If paths to output files are not provided in the parameterisation, it will default to the name of the field

In [3]:
cp = Cp(in_file=test_file)
print(cp.cmdline)

cp /tmp/tmpg8i7_zop/in.txt /home/runner/work/pydra/pydra/new-docs/source/tutorial/destination


### Defifying types

By default, shell-command fields are considered to be of `fileformats.generic.FsObject` type. However, more specific file formats or built-in Python types can be specified by appending the type to the field name after a `:`.

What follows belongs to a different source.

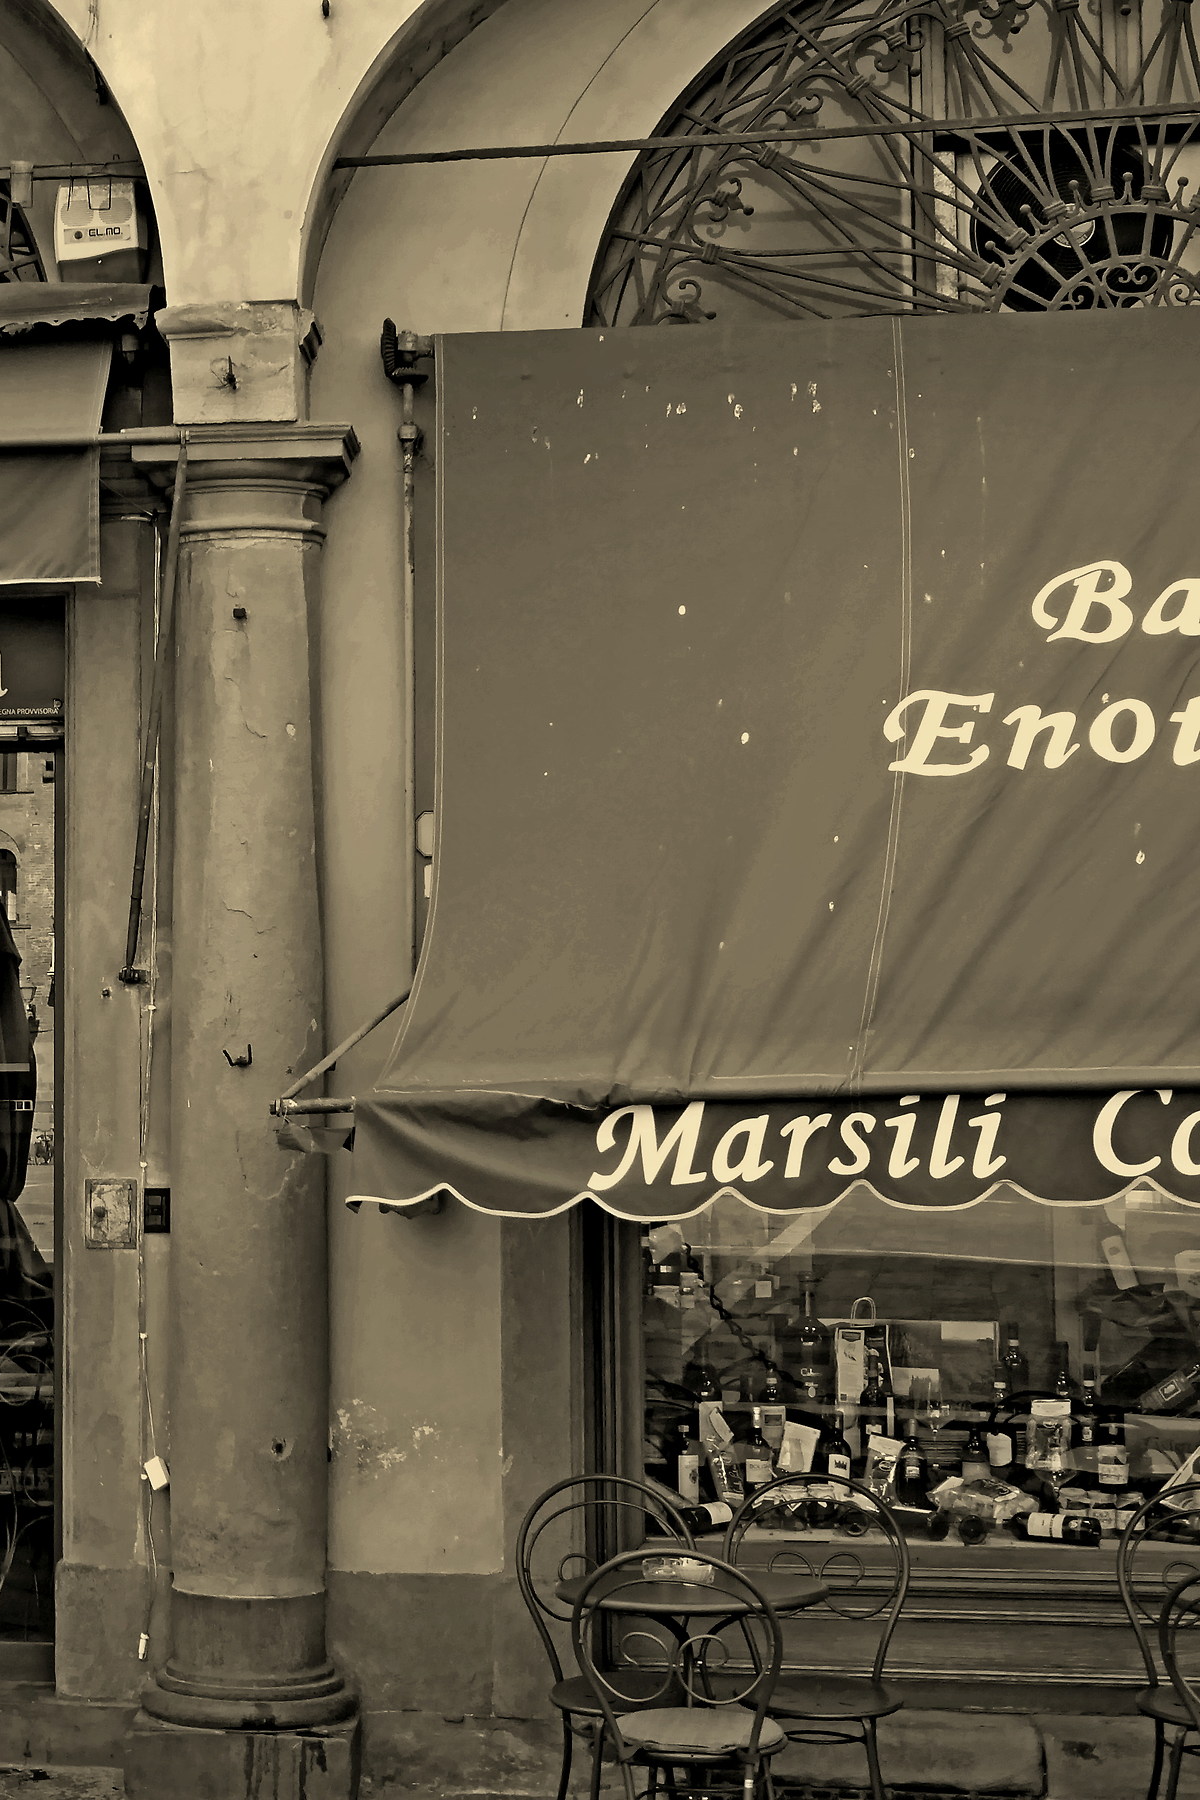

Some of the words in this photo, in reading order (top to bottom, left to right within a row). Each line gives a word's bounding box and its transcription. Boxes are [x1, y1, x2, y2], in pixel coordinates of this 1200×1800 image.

File formats are specified by their MIME type or "MIME-like" strings (see the [FileFormats docs](https://arcanaframework.github.io/fileformats/mime.html) for details)

In [4]:
from fileformats.image import Png

TrimPng = shell.define("trim-png <in_image:image/png> <out|out_image:image/png>")

trim_png = TrimPng(in_image=Png.mock(), out_image="/path/to/output.png")

print(trim_png.cmdline)

trim-png /mock/png.png /path/to/output.png


### Flags and options

Command line flags can also be added to the shell template, either the single or double hyphen form. The field template name immediately following the flag will be associate with that flag.

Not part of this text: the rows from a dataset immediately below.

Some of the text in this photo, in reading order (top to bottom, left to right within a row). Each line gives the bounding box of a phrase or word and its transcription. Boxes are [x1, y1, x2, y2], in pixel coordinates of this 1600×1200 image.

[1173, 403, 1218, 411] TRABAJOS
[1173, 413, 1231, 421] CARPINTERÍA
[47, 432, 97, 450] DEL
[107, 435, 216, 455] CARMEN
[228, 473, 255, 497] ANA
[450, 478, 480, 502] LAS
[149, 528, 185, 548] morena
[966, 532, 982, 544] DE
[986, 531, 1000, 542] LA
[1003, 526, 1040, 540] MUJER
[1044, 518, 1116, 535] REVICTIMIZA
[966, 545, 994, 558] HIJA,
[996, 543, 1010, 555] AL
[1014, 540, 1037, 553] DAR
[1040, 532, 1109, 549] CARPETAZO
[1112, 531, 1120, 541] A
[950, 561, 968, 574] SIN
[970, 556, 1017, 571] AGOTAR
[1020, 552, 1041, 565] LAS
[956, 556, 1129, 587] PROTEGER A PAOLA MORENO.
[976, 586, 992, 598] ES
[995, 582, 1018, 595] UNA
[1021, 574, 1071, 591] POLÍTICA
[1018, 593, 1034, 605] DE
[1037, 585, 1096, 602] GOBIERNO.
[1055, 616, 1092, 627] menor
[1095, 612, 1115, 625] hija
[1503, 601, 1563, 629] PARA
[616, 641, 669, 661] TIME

If there is no space between the flag and the field template, then the field is assumed to be a boolean, otherwise it is assumed to be of type string unless otherwise specified.

If a field is optional, the field template should end with a `?`. Tuple fields are specified by comma separated types.

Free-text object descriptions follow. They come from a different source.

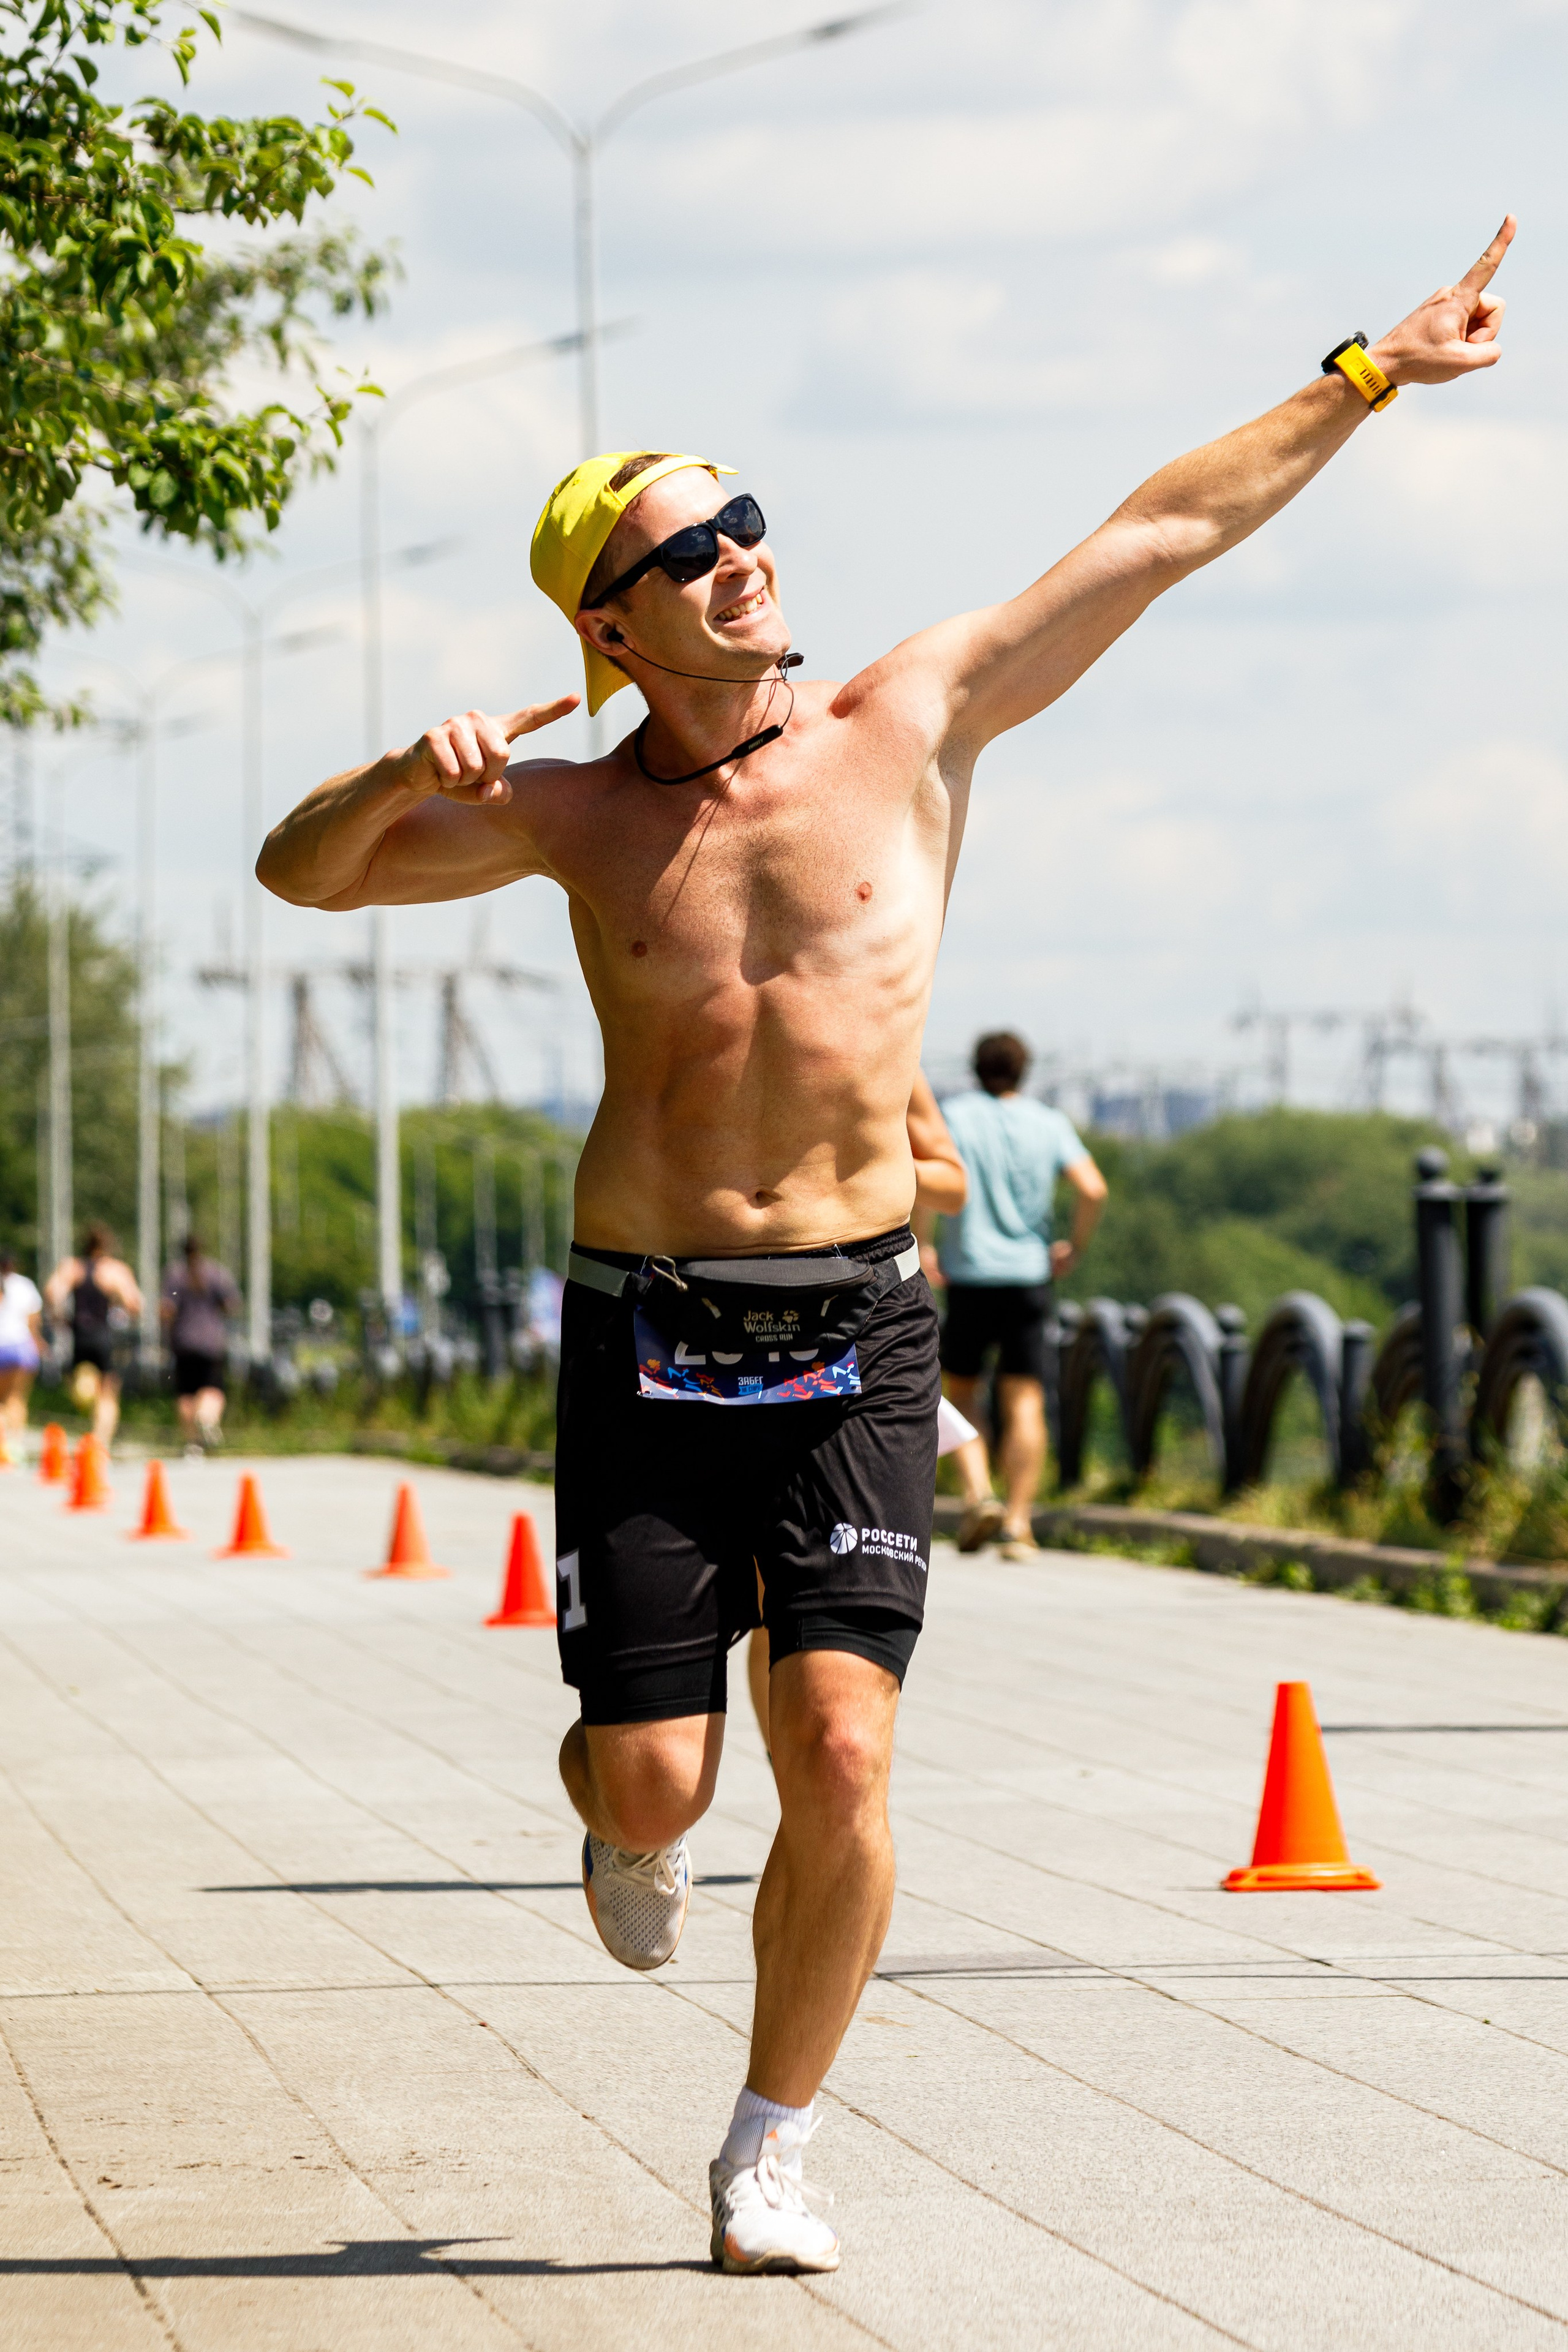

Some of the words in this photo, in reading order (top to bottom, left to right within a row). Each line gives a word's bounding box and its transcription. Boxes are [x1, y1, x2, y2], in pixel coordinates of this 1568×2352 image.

[743, 1310, 774, 1322] Jack
[743, 1321, 801, 1333] Wolfskin
[755, 1334, 778, 1343] CROSS
[779, 1333, 793, 1341] RUN
[861, 1528, 918, 1551] РОССЕТИ
[862, 1544, 914, 1563] МОСКОВСКИЙ
[557, 1548, 588, 1633] 1

Varargs are specified by the type followed by an ellipsis, e.g. `<my_varargs:generic/file,...>`

In [5]:
from pprint import pprint
from pydra.engine.helpers import fields_dict

Cp = shell.define(
        (
            "cp <in_fs_objects:fs-object,...> <out|out_dir:directory> "
            "-R<recursive> "
            "--text-arg <text_arg?> "
            "--int-arg <int_arg:int?> "
            "--tuple-arg <tuple_arg:int,str?> "
        ),
    )

pprint(fields_dict(Cp))
pprint(fields_dict(Cp.Outputs))

ValueError: sep (' ') can only be provided when type is iterable <class 'fileformats.generic.fsobject.FsObject'> for field 'in_fs_objects'

### Defaults

Defaults can be specified by appending them to the field template after `=`

In [6]:
Cp = shell.define(
        (
            "cp <in_fs_objects:fs-object,...> <out|out_dir:directory> "
            "-R<recursive=True> "
            "--text-arg <text_arg='foo'> "
            "--int-arg <int_arg:int=99> "
            "--tuple-arg <tuple_arg:int,str=(1,'bar')> "
        ),
    )

print(f"'--int-arg' default: {fields_dict(Cp)['int_arg'].default}")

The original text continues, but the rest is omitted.